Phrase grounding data
--- --- ---
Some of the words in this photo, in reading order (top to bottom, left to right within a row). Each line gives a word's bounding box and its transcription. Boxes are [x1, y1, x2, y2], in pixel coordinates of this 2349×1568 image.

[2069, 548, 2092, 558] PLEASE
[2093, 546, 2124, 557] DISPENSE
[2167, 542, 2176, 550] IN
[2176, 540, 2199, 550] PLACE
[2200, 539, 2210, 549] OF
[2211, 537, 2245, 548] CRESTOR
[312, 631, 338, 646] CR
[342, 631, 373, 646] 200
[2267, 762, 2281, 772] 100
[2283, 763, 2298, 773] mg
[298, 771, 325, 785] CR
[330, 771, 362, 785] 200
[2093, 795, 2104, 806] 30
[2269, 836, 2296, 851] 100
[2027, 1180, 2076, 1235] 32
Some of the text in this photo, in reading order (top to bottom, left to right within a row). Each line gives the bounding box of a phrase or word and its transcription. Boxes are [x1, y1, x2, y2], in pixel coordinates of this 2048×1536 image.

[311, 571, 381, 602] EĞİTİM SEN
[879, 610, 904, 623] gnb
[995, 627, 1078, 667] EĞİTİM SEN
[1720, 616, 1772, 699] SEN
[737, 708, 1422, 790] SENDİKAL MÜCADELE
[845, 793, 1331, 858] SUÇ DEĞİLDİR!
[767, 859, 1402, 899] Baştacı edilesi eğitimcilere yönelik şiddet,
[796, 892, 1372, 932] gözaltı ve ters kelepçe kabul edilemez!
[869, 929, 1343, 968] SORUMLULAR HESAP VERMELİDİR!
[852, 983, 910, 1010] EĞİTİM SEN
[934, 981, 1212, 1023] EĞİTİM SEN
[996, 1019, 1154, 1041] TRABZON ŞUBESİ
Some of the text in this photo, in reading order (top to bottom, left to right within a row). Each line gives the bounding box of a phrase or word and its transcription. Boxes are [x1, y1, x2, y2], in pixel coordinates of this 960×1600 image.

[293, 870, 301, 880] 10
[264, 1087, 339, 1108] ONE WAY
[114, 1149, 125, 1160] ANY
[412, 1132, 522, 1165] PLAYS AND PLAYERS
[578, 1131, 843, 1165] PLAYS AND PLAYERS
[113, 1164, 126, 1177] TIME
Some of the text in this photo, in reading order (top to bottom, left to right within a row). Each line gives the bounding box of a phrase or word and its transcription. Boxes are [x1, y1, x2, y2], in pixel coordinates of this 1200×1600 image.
--- --- ---
WORK INSTRUCTION
The records above must be transcribed without a single omission.

THE ANSWER
Some of the words in this photo, in reading order (top to bottom, left to right within a row). Each line gives a word's bounding box and its transcription. Boxes are [x1, y1, x2, y2], in pixel coordinates of this 2349×1568 image.

[2069, 548, 2092, 558] PLEASE
[2093, 546, 2124, 557] DISPENSE
[2167, 542, 2176, 550] IN
[2176, 540, 2199, 550] PLACE
[2200, 539, 2210, 549] OF
[2211, 537, 2245, 548] CRESTOR
[312, 631, 338, 646] CR
[342, 631, 373, 646] 200
[2267, 762, 2281, 772] 100
[2283, 763, 2298, 773] mg
[298, 771, 325, 785] CR
[330, 771, 362, 785] 200
[2093, 795, 2104, 806] 30
[2269, 836, 2296, 851] 100
[2027, 1180, 2076, 1235] 32
Some of the text in this photo, in reading order (top to bottom, left to right within a row). Each line gives the bounding box of a phrase or word and its transcription. Boxes are [x1, y1, x2, y2], in pixel coordinates of this 2048×1536 image.

[311, 571, 381, 602] EĞİTİM SEN
[879, 610, 904, 623] gnb
[995, 627, 1078, 667] EĞİTİM SEN
[1720, 616, 1772, 699] SEN
[737, 708, 1422, 790] SENDİKAL MÜCADELE
[845, 793, 1331, 858] SUÇ DEĞİLDİR!
[767, 859, 1402, 899] Baştacı edilesi eğitimcilere yönelik şiddet,
[796, 892, 1372, 932] gözaltı ve ters kelepçe kabul edilemez!
[869, 929, 1343, 968] SORUMLULAR HESAP VERMELİDİR!
[852, 983, 910, 1010] EĞİTİM SEN
[934, 981, 1212, 1023] EĞİTİM SEN
[996, 1019, 1154, 1041] TRABZON ŞUBESİ
Some of the text in this photo, in reading order (top to bottom, left to right within a row). Each line gives the bounding box of a phrase or word and its transcription. Boxes are [x1, y1, x2, y2], in pixel coordinates of this 960×1600 image.

[293, 870, 301, 880] 10
[264, 1087, 339, 1108] ONE WAY
[114, 1149, 125, 1160] ANY
[412, 1132, 522, 1165] PLAYS AND PLAYERS
[578, 1131, 843, 1165] PLAYS AND PLAYERS
[113, 1164, 126, 1177] TIME
Some of the text in this photo, in reading order (top to bottom, left to right within a row). Each line gives the bounding box of a phrase or word and its transcription. Boxes are [x1, y1, x2, y2], in pixel coordinates of this 1200×1600 image.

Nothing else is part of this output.